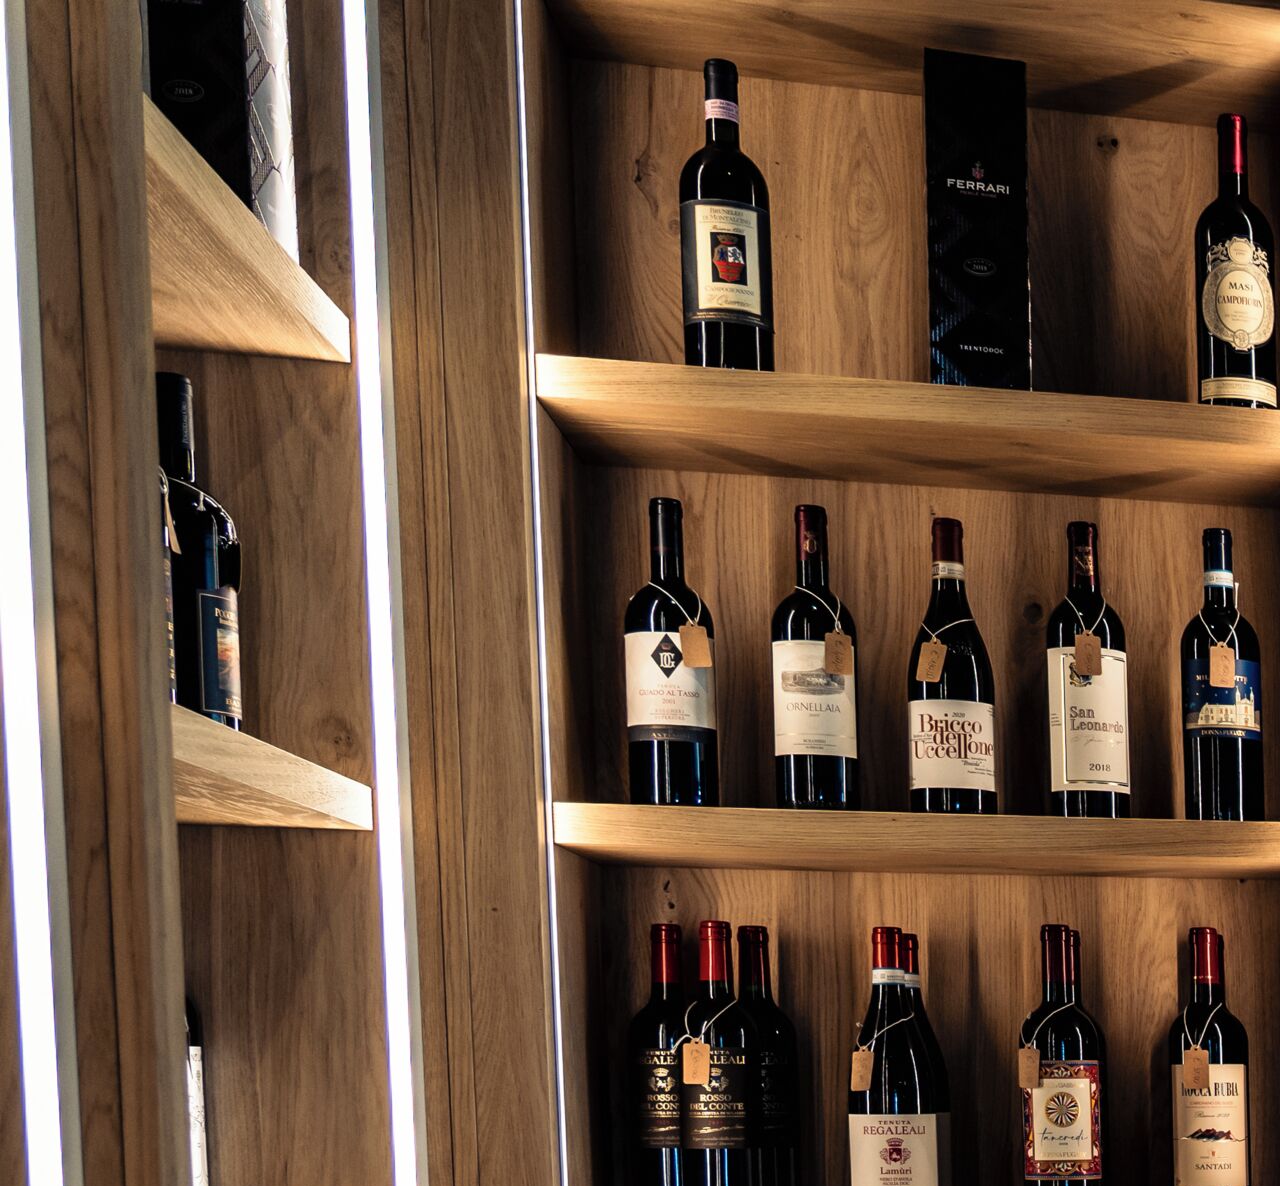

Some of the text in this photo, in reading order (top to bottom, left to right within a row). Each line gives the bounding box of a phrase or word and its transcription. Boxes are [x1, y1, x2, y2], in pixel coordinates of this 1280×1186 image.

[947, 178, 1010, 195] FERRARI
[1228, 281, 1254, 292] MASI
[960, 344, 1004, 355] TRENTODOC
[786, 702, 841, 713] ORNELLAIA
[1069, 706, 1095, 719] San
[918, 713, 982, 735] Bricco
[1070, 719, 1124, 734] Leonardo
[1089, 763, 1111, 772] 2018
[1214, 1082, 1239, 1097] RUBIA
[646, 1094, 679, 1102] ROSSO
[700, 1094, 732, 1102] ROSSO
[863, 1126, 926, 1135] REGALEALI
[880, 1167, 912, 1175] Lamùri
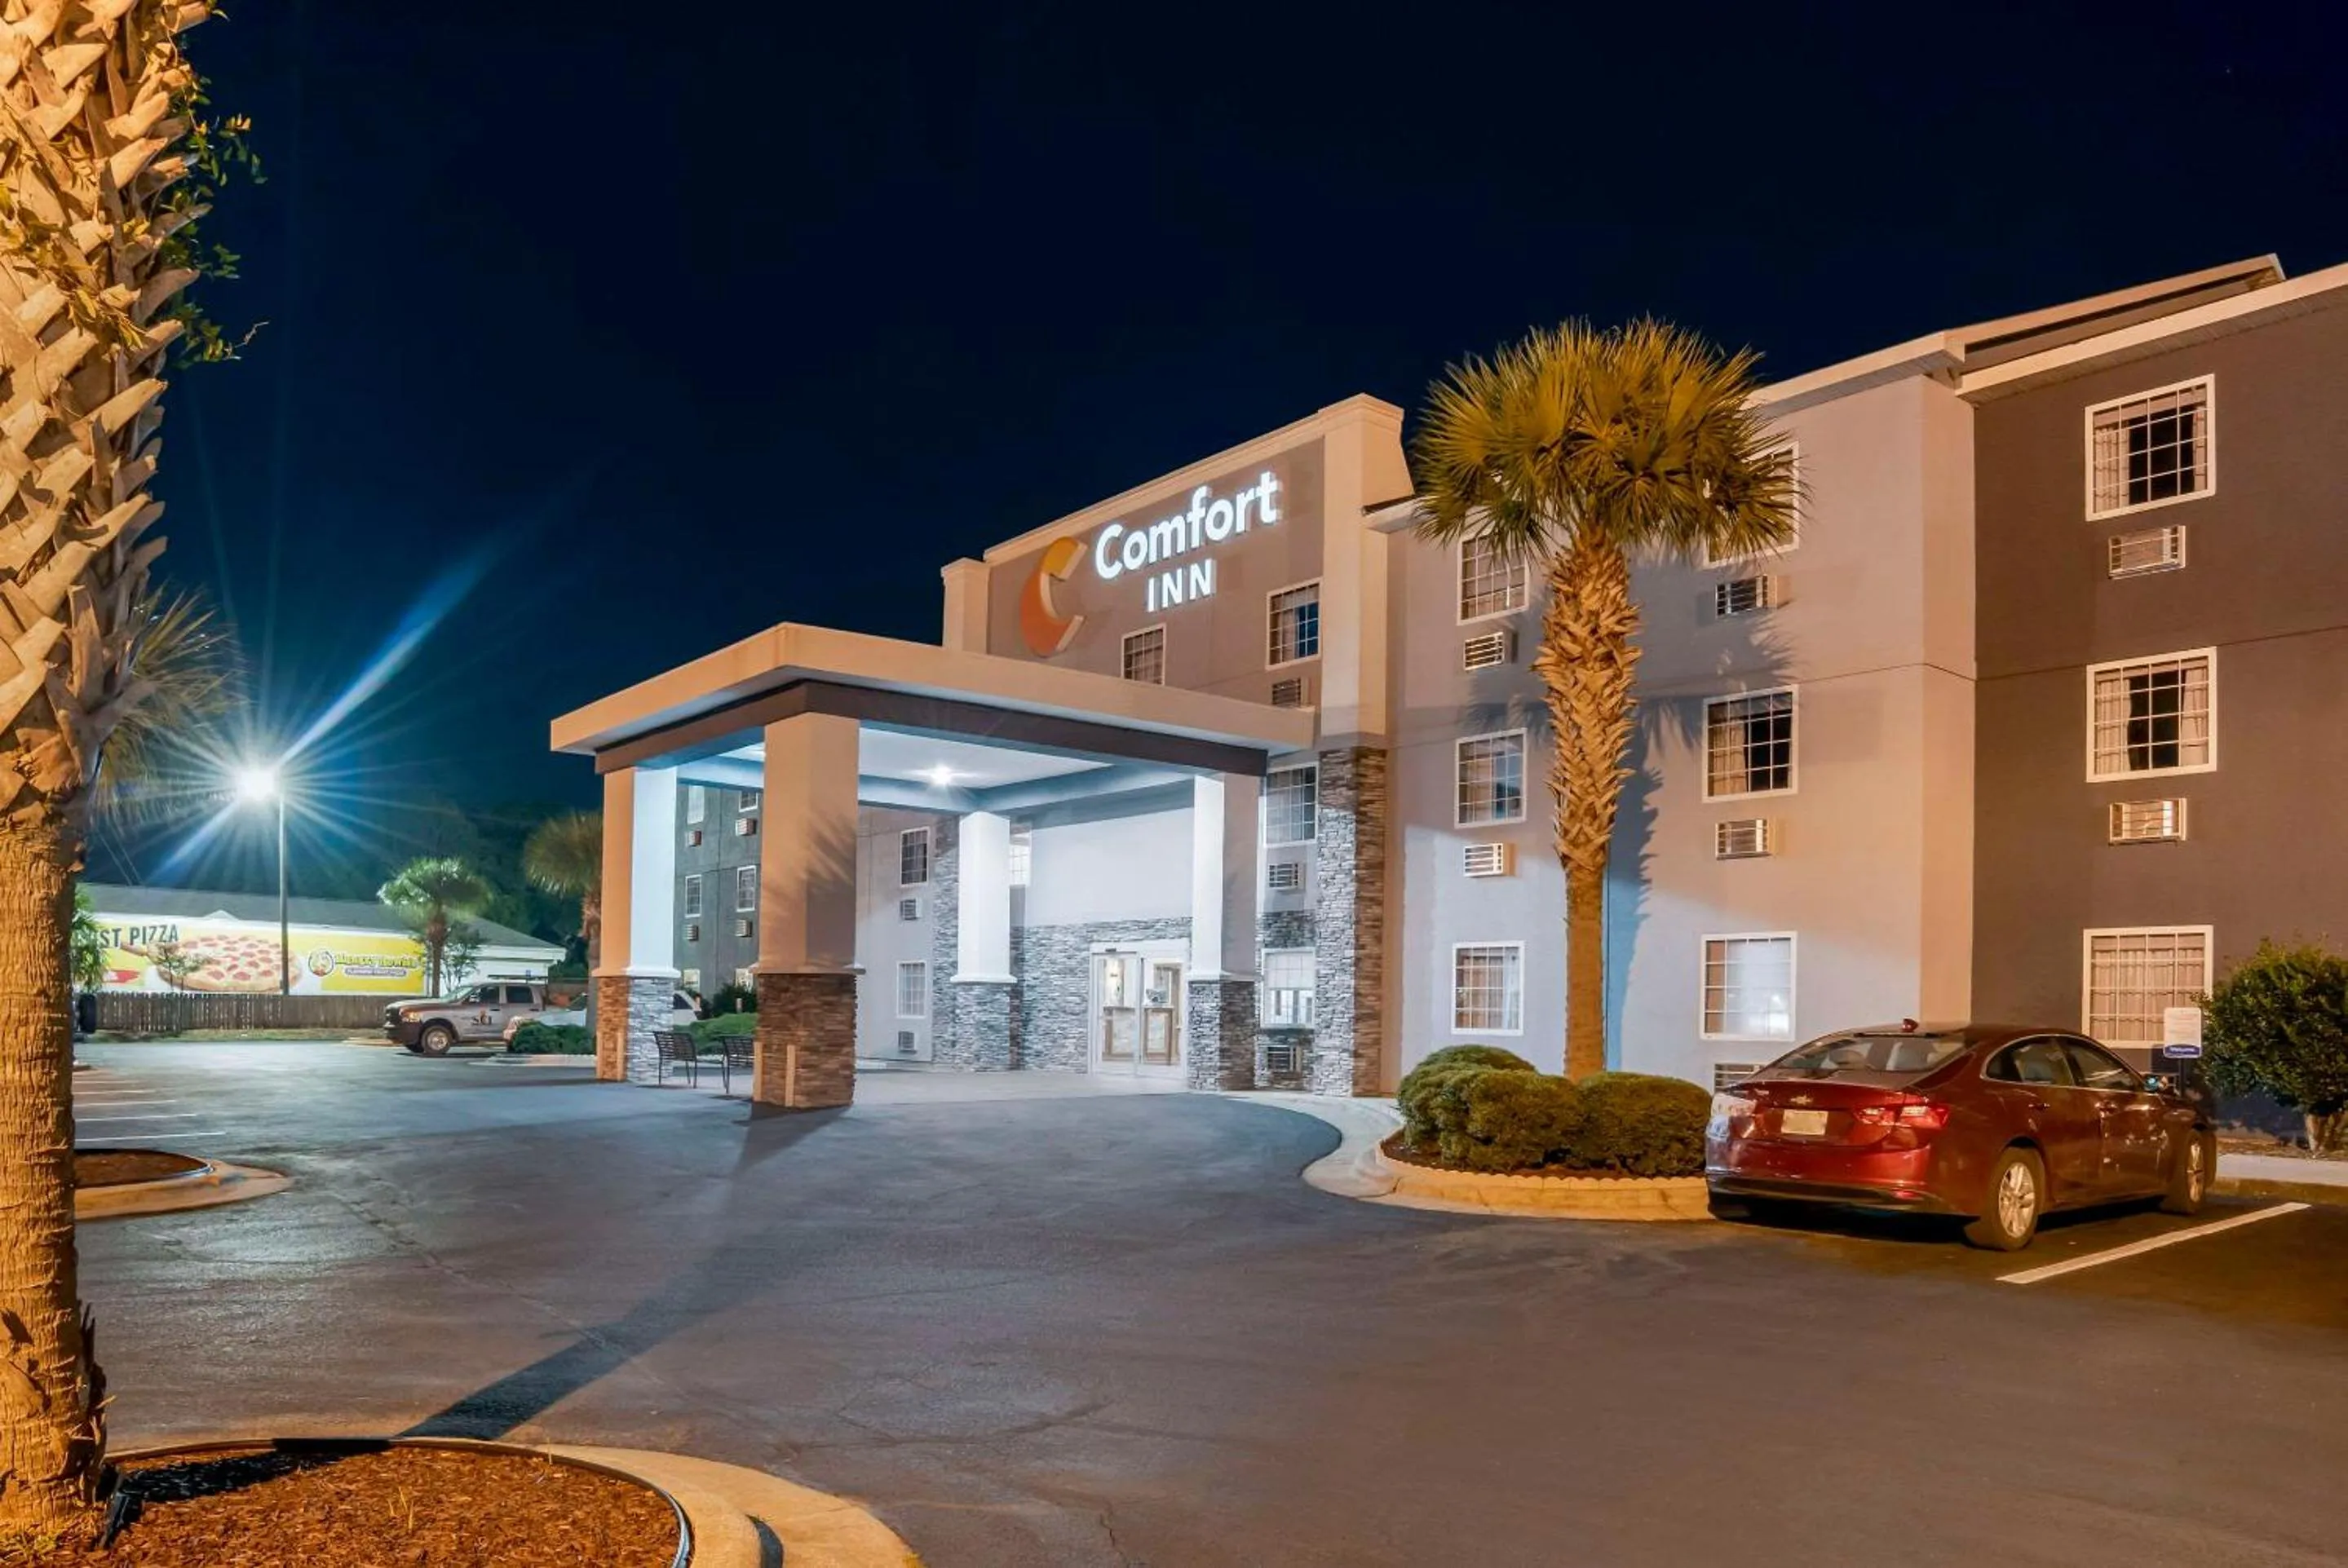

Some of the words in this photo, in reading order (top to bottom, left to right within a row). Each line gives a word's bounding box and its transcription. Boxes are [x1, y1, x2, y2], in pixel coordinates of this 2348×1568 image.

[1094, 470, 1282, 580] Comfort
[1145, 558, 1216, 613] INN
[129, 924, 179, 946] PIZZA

=-=-=

[Exercise requirements]
Down to the last line, return the entries above exactly, with no pictures.

[Answer for the task]
Some of the text in this photo, in reading order (top to bottom, left to right within a row). Each line gives the bounding box of a phrase or word and its transcription. Boxes are [x1, y1, x2, y2], in pixel coordinates of this 1280×1186 image.

[947, 178, 1010, 195] FERRARI
[1228, 281, 1254, 292] MASI
[960, 344, 1004, 355] TRENTODOC
[786, 702, 841, 713] ORNELLAIA
[1069, 706, 1095, 719] San
[918, 713, 982, 735] Bricco
[1070, 719, 1124, 734] Leonardo
[1089, 763, 1111, 772] 2018
[1214, 1082, 1239, 1097] RUBIA
[646, 1094, 679, 1102] ROSSO
[700, 1094, 732, 1102] ROSSO
[863, 1126, 926, 1135] REGALEALI
[880, 1167, 912, 1175] Lamùri

Some of the words in this photo, in reading order (top to bottom, left to right within a row). Each line gives a word's bounding box and its transcription. Boxes are [x1, y1, x2, y2], in pixel coordinates of this 2348×1568 image.

[1094, 470, 1282, 580] Comfort
[1145, 558, 1216, 613] INN
[129, 924, 179, 946] PIZZA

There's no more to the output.